= Beginning of Section =

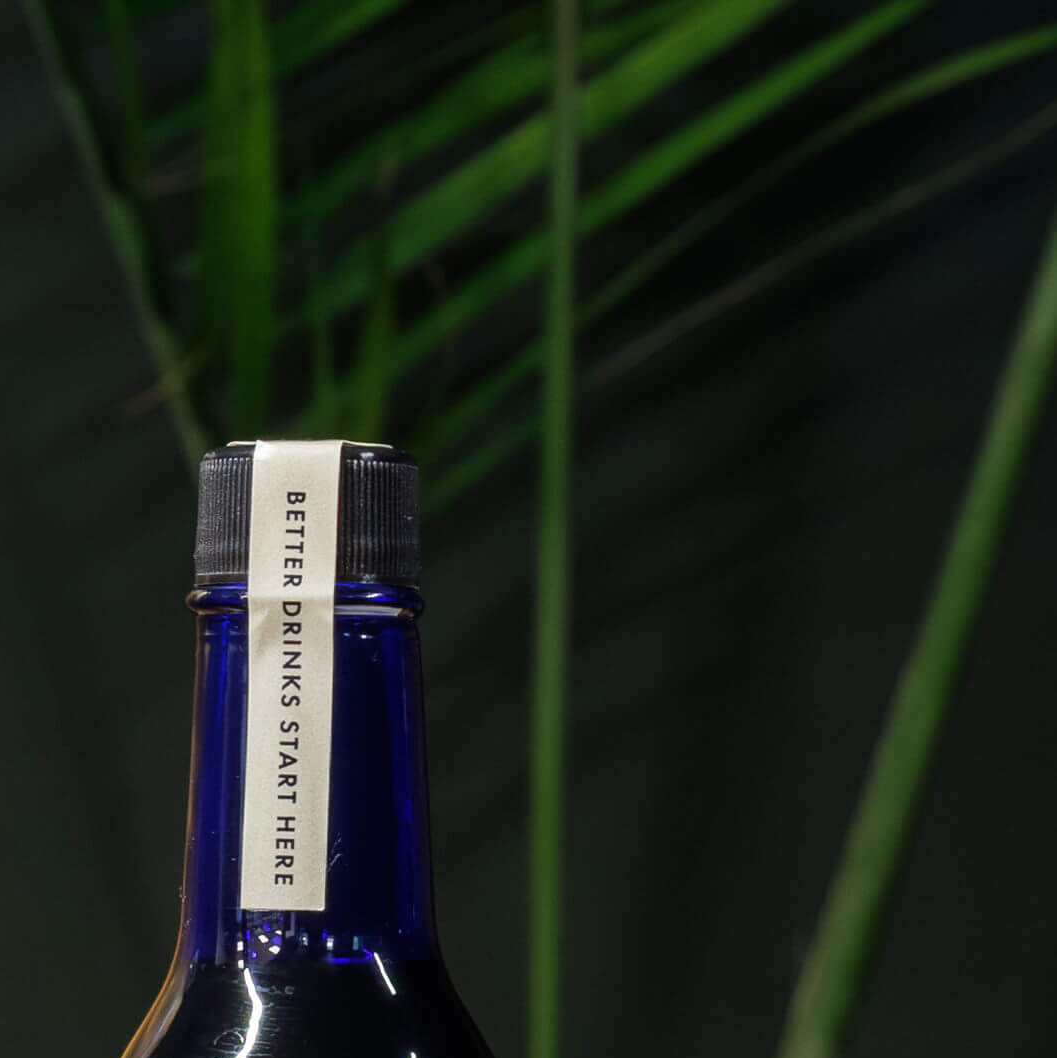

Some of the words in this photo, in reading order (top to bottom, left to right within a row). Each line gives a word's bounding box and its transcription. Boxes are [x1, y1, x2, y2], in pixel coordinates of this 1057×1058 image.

[282, 491, 307, 588] BETTER
[280, 600, 302, 708] DRINKS
[276, 720, 300, 804] START
[274, 815, 295, 887] HERE

= End of Section =

[Problem to solve]
Whenever a picture appears in the listing, leave it out; copy everything else exactly.

[Result]
Some of the words in this photo, in reading order (top to bottom, left to right within a row). Each line gives a word's bounding box and its transcription. Boxes are [x1, y1, x2, y2], in pixel coordinates of this 1057×1058 image.

[282, 491, 307, 588] BETTER
[280, 600, 302, 708] DRINKS
[276, 720, 300, 804] START
[274, 815, 295, 887] HERE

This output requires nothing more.